Has anyone ever used a ceramic fermentation crock as their primary fermenter? If so, what sort of results did you get?

I'm asking because I keep noticing that my wines have the aroma of my plastic bucket in them.


----------



## salcoco (Oct 22, 2013)

first I would check to see your plastic bucket is food grade. a crock would work if large enough.


----------



## Scott (Oct 22, 2013)

I used 5 & 10 gal crocks often but they are darn heavy. Never had a plastic aroma with ferm buckets.


----------



## TomK-B (Oct 22, 2013)

I'm sure my bucket is food grade. Got it from Fine Vine Wines. I absolutely trust George and his products.

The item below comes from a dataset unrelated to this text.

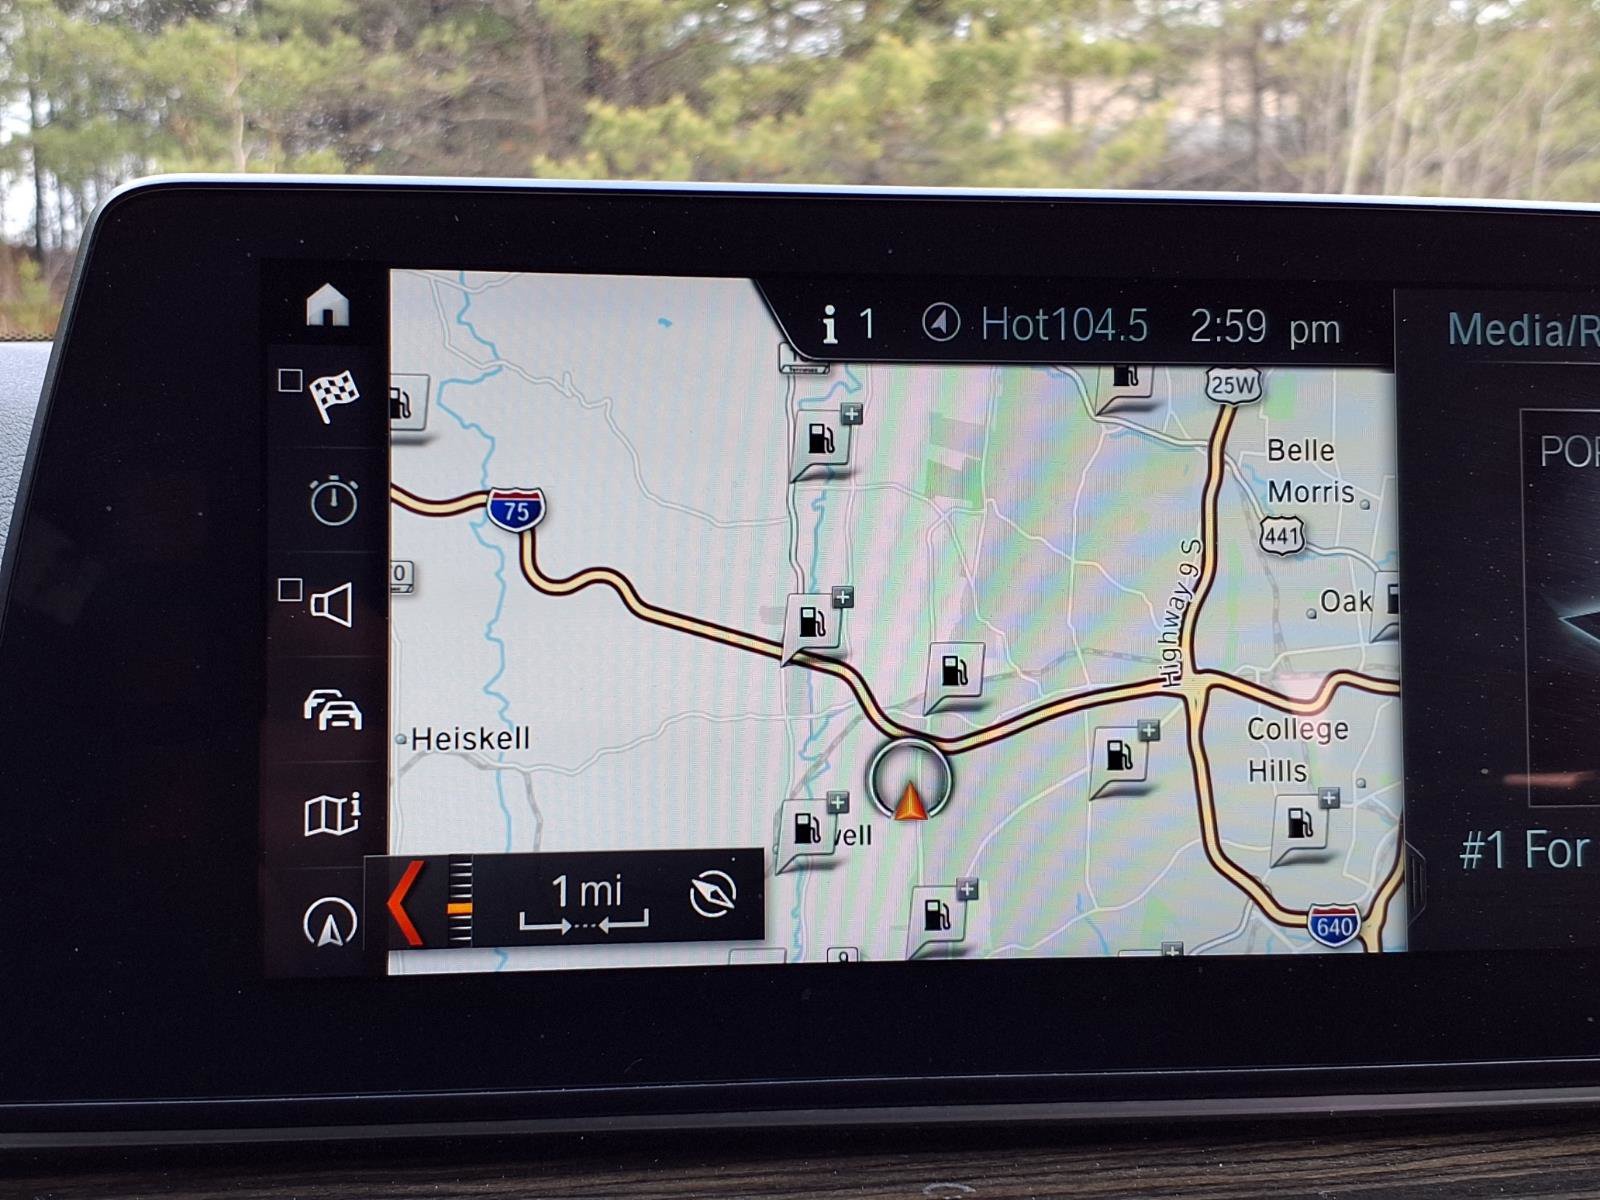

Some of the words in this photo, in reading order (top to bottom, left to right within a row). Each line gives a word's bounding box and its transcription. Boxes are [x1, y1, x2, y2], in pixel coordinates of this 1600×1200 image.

Another thing I wonder about is whether this effect could be caused by my leaving a little k-meta in the bucket and snapping down the lid when it's not in use. Any thoughts about that?


----------



## TomK-B (Oct 22, 2013)

Oh, I would add that the aroma dissipates after decanting the wine for a couple of hours.

Also, I don't notice it at all in any wine kit I've made where an f-pack is added after fermentation. I'm assuming that the f-pack completely masks the aroma I'm talking about.


----------